**TASK ITEM:** Without the pictures, restate all of the data below word for word.

[Saved entries]
________
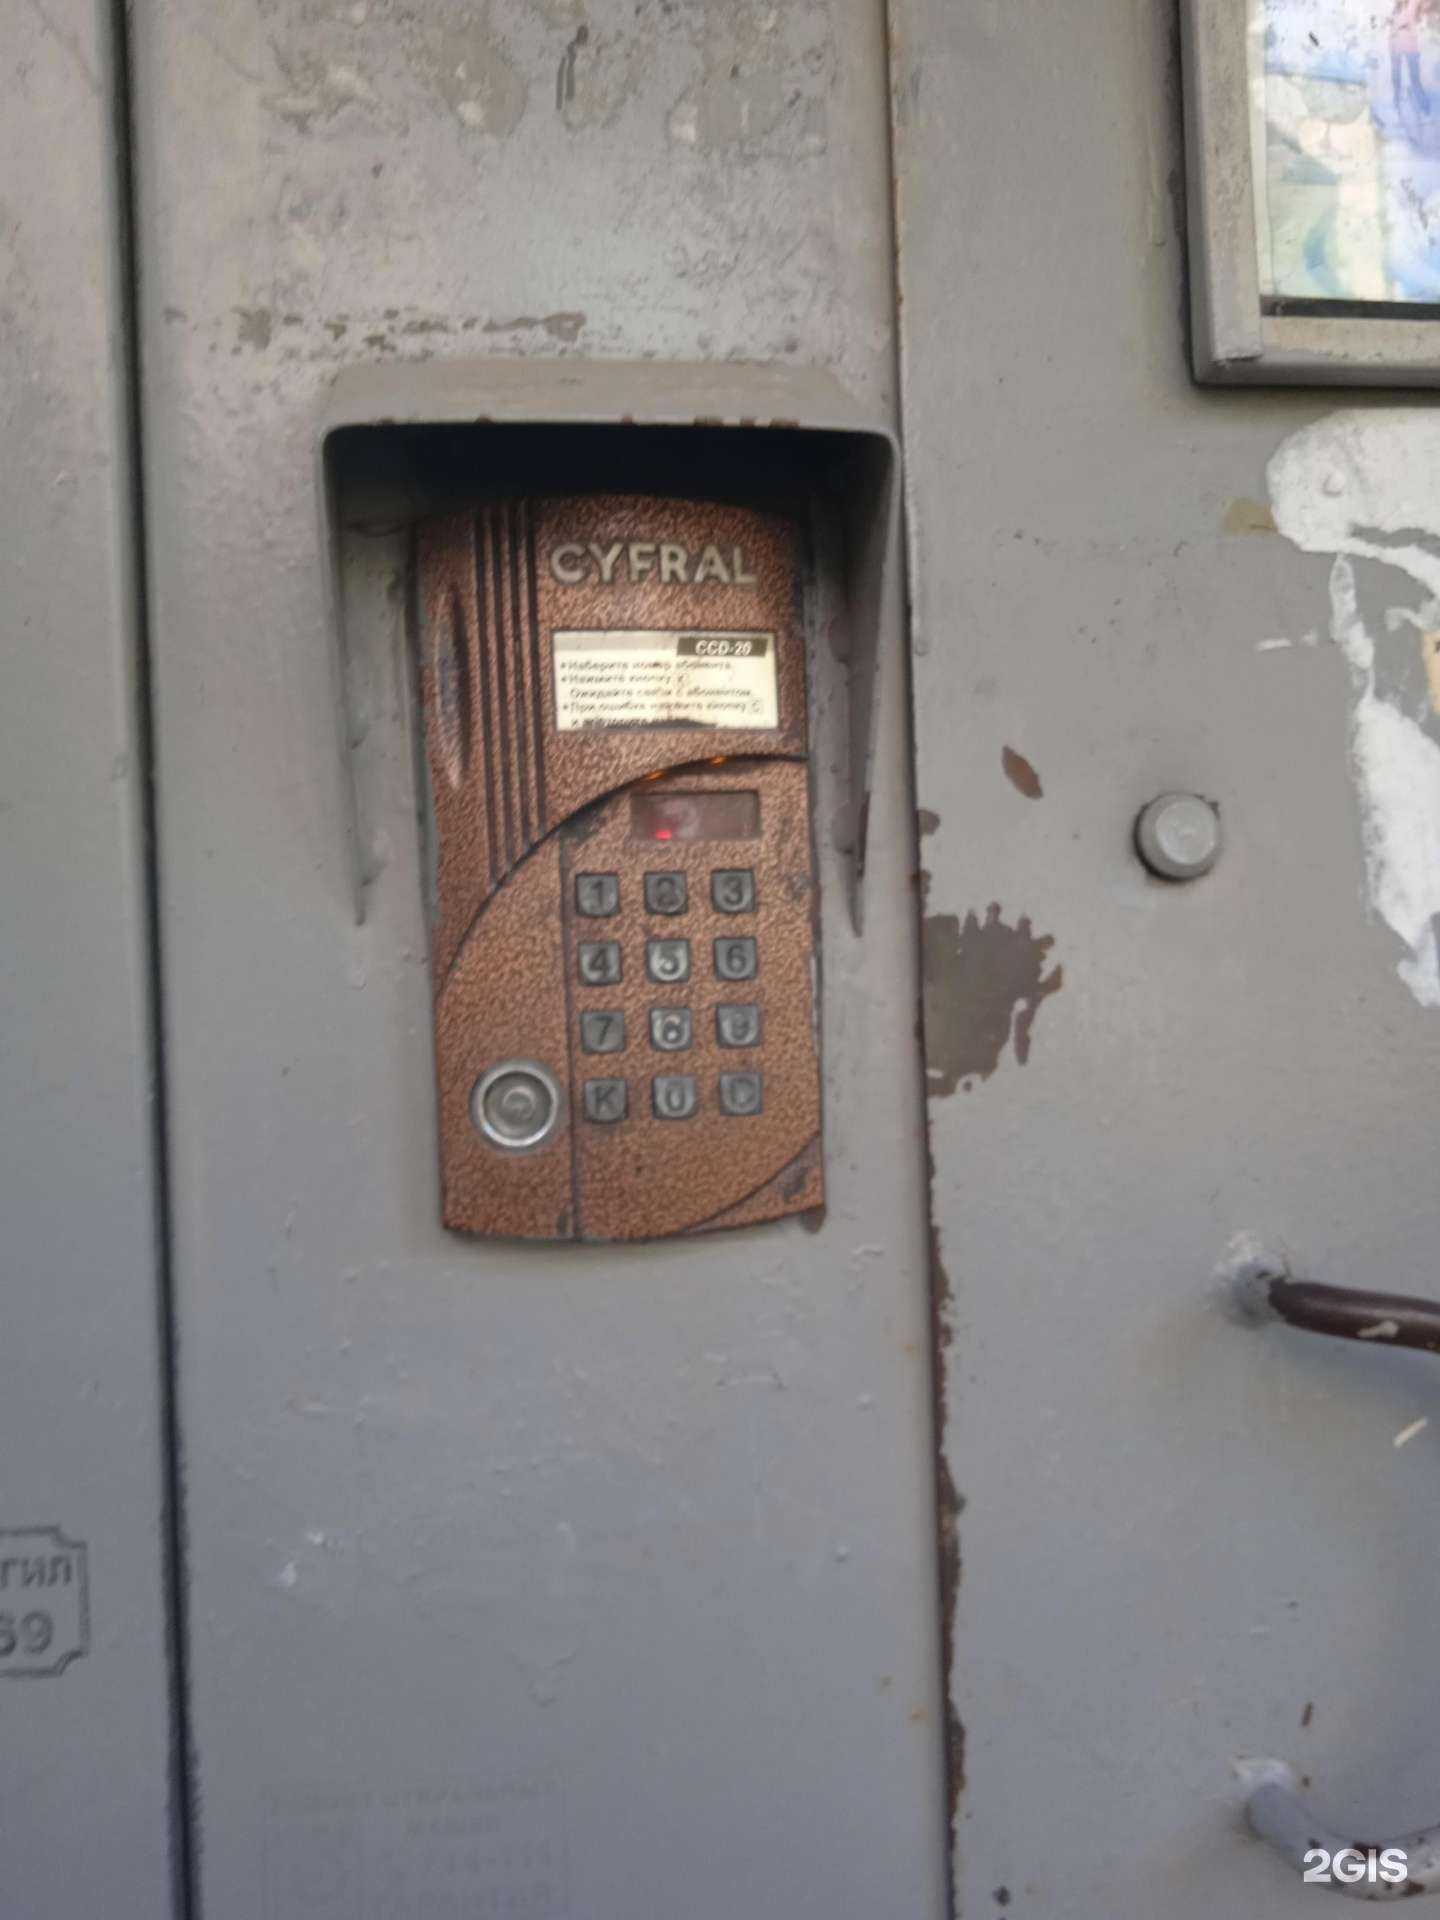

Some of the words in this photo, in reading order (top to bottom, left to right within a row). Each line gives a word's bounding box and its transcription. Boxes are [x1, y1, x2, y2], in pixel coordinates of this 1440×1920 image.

[550, 541, 758, 585] CYFRAL
[656, 877, 675, 906] 2
[724, 877, 743, 906] 3
[588, 949, 609, 978] 4
[659, 946, 680, 976] 5
[725, 945, 745, 972] 6
[592, 1016, 615, 1045] 7
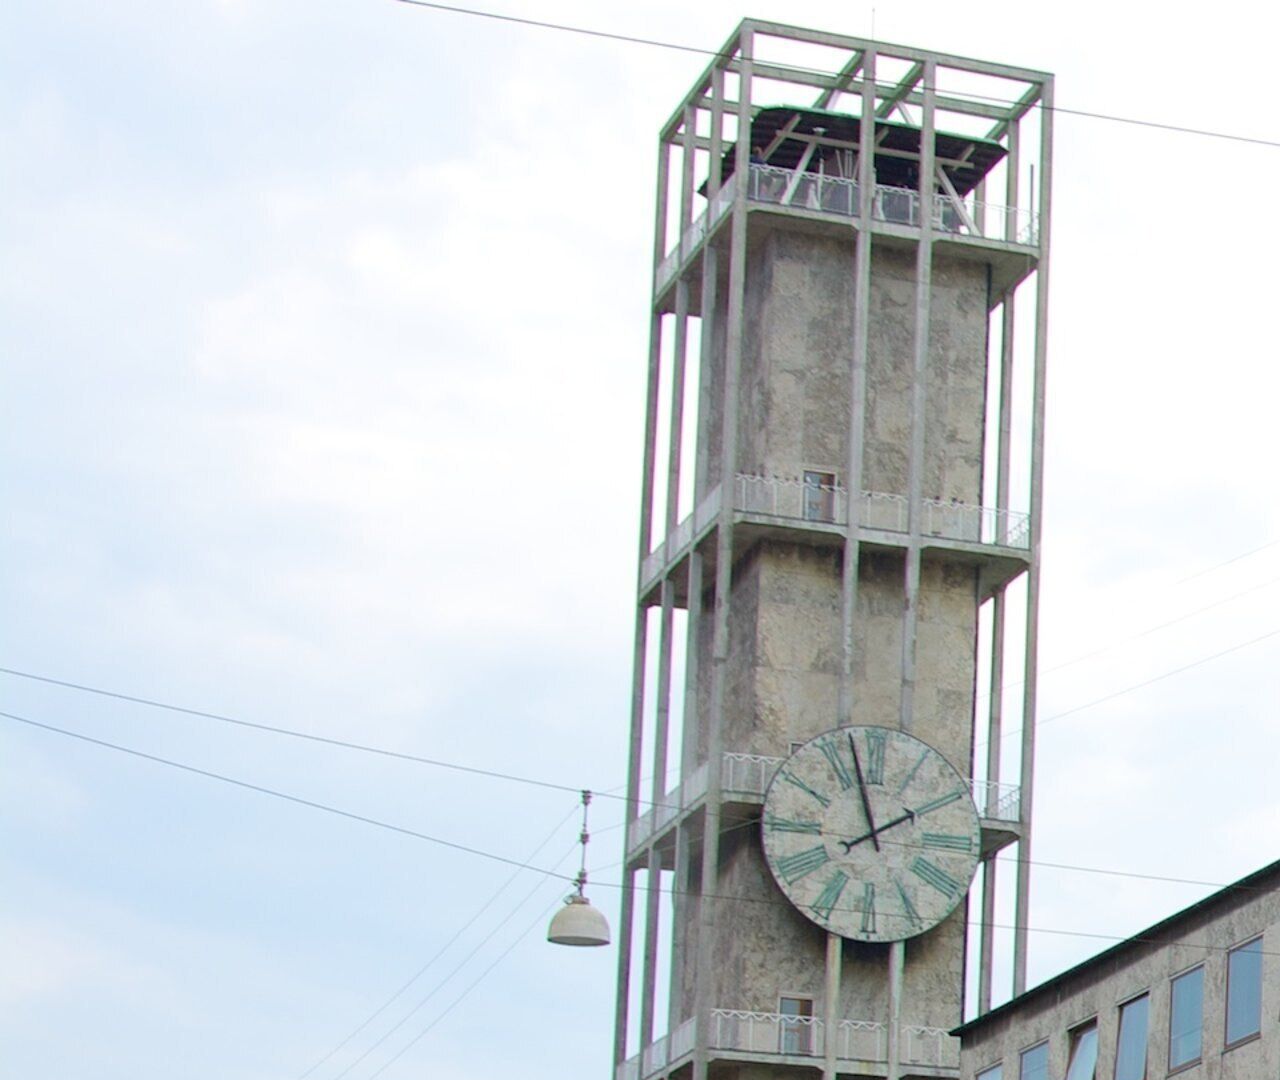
________
**ANSWER BOX:**
Some of the words in this photo, in reading order (top to bottom, left to right within a row). Each line gives a word's bounding box and its transcription. Boxes are [x1, y1, x2, y2], in pixel coordinates of this 1440×1920 image.

[550, 541, 758, 585] CYFRAL
[656, 877, 675, 906] 2
[724, 877, 743, 906] 3
[588, 949, 609, 978] 4
[659, 946, 680, 976] 5
[725, 945, 745, 972] 6
[592, 1016, 615, 1045] 7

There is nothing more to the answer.